Seems the gendarmes got lucky and found over 500 original Beatles tapes, including many previously unreleased tracks. (See article below) EMI is being coy about it, but you know the suits have GOT to be drooling like a roomful of Pavlov's dogs. How long before EMI comes out with a new cd of some of the previously unreleased material? A month? Two months? A year? It would be cool if someone had the bright idea to remaster and release on DVD-Audio and SACD.
Police 'Get Back' Rare Beatles Tapes
Fri Jan 10,11:42 AM ET
Add Entertainment - Reuters/Variety Music to My Yahoo!
LONDON (Reuters) - Rare tapes of The Beatles' most famous recording session were seized on Friday in an anti-piracy swoop more than 30 years after they went missing, police said.

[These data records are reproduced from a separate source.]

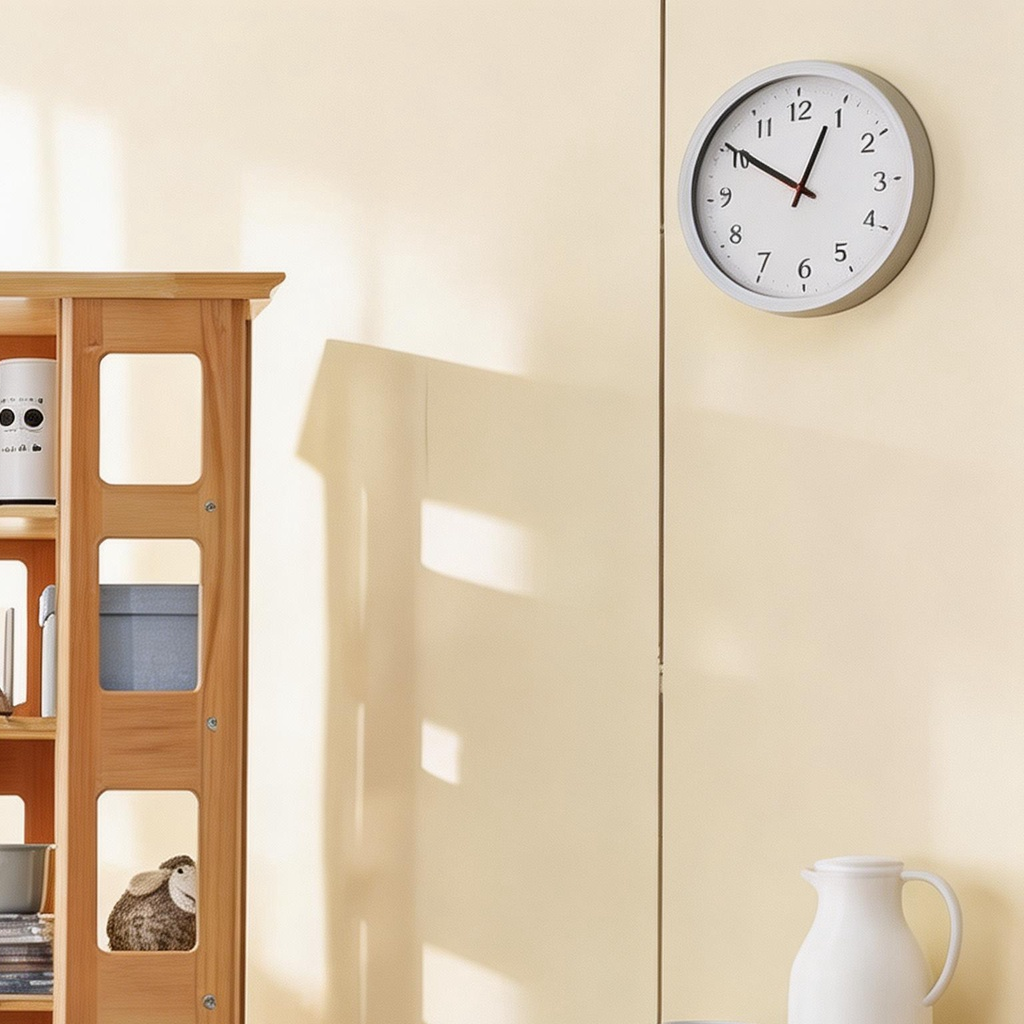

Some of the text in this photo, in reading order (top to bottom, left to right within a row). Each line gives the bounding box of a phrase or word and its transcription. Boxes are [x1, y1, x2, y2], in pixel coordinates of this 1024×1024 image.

[787, 100, 812, 122] 12
[835, 108, 842, 128] 1
[757, 117, 772, 138] 11
[861, 133, 875, 153] 2
[732, 149, 750, 169] 10
[873, 171, 886, 191] 3
[719, 187, 732, 208] 9
[862, 209, 875, 227] 4
[729, 224, 742, 244] 8
[757, 252, 772, 273] 7
[834, 243, 848, 262] 5
[798, 258, 812, 279] 6

Detectives in southeast England and The Netherlands arrested six people and found hundreds of tapes of the Fab Four playing in 1969.
Police found 500 reel-to-reel tapes with dozens of songs made at the infamous "Get Back" sessions during which arguments split the band.
"The tapes themselves are the only original recordings made and may contain material which has never been previously released," City of London police said in a statement.
"This fact renders the tapes to be priceless to the record industry and collectors of Beatles memorabilia."
Beatles fans have been able to buy pirate copies of the recordings for years.
The tapes cover a key chapter in the band's history and contain songs which later formed part of the "Let it Be" album.
Police said two people were arrested on suspicion of theft and handling stolen goods in west London and four in an unnamed town west of Amsterdam in The Netherlands. No more details of the suspects were released.
The raids came after an investigation by police and the International Federation of the Phonographic Industry (IFPI), the London-based body which represents the global recording industry.
IFPI chairman Jay Berman praised the police operation and said music piracy had become increasingly sophisticated.
EMI Group Plc (news - web sites), the British record company which owns the tapes, said it was unclear what would now happen to the tapes.
"Music piracy is a serious crime," David Munns, vice-chairman of EMI Record Music, said in a statement.